WHAT YOU SHOULD DO:
Copy the data precisely, character for character, and leave out every picture.

Collected data
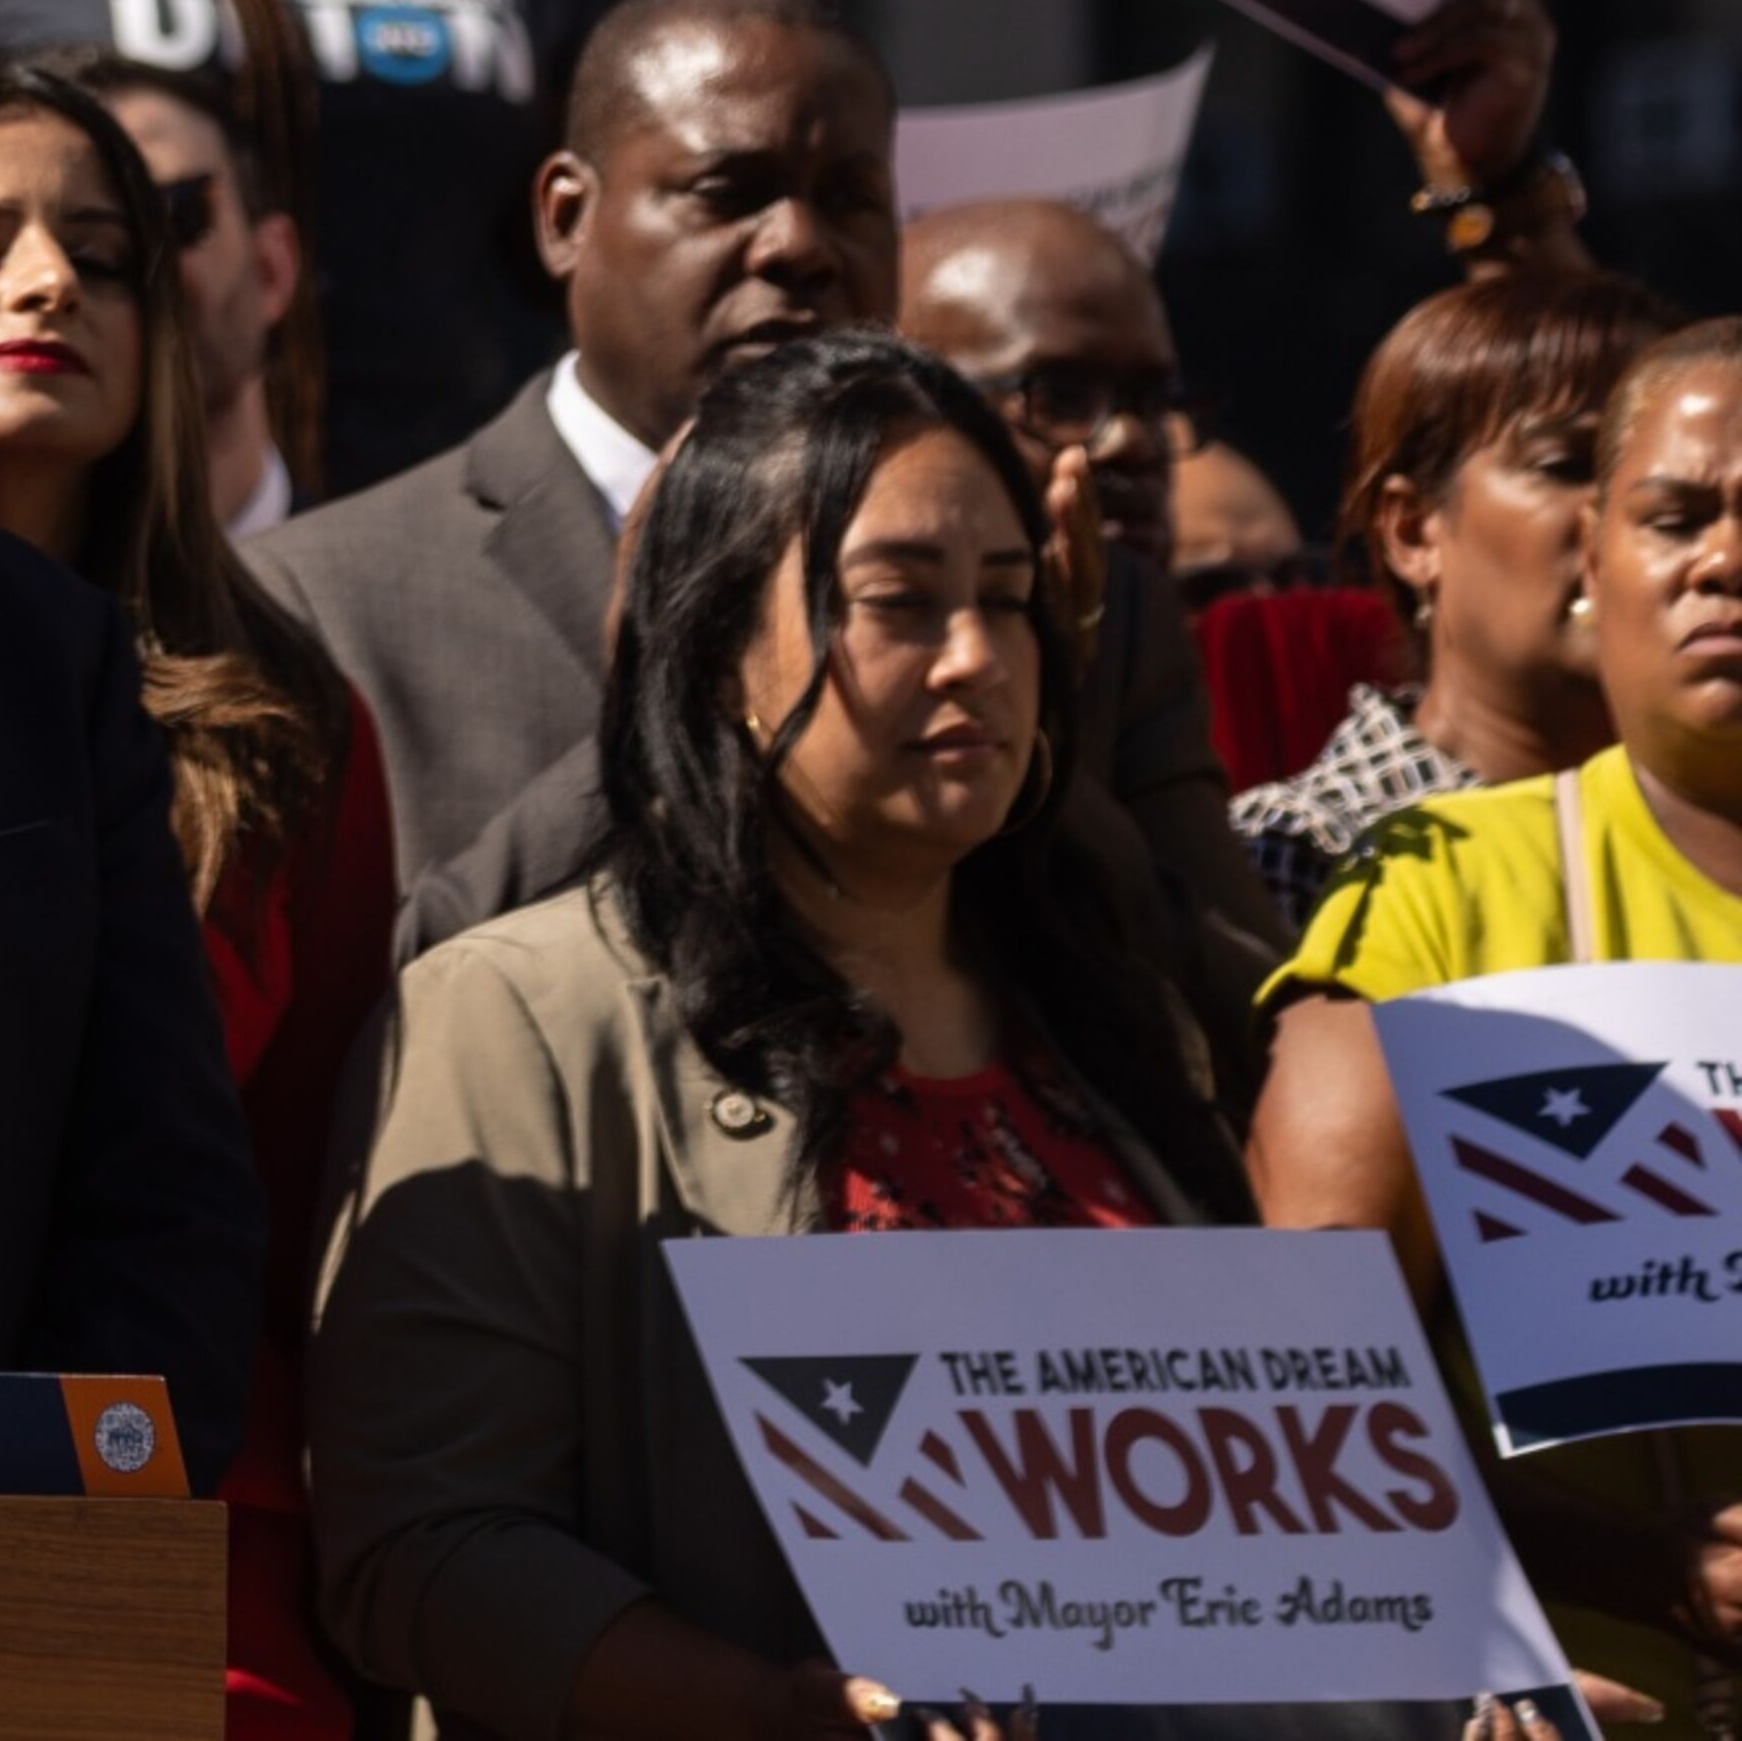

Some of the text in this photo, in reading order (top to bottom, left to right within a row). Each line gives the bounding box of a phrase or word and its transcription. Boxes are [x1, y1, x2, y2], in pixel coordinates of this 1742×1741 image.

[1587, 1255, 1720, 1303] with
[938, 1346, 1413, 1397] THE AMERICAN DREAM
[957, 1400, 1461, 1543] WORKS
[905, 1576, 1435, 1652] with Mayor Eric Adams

ANSWER SECTION:
Some of the text in this photo, in reading order (top to bottom, left to right within a row). Each line gives the bounding box of a phrase or word and its transcription. Boxes are [x1, y1, x2, y2], in pixel coordinates of this 1742×1741 image.

[1587, 1255, 1720, 1303] with
[938, 1346, 1413, 1397] THE AMERICAN DREAM
[957, 1400, 1461, 1543] WORKS
[905, 1576, 1435, 1652] with Mayor Eric Adams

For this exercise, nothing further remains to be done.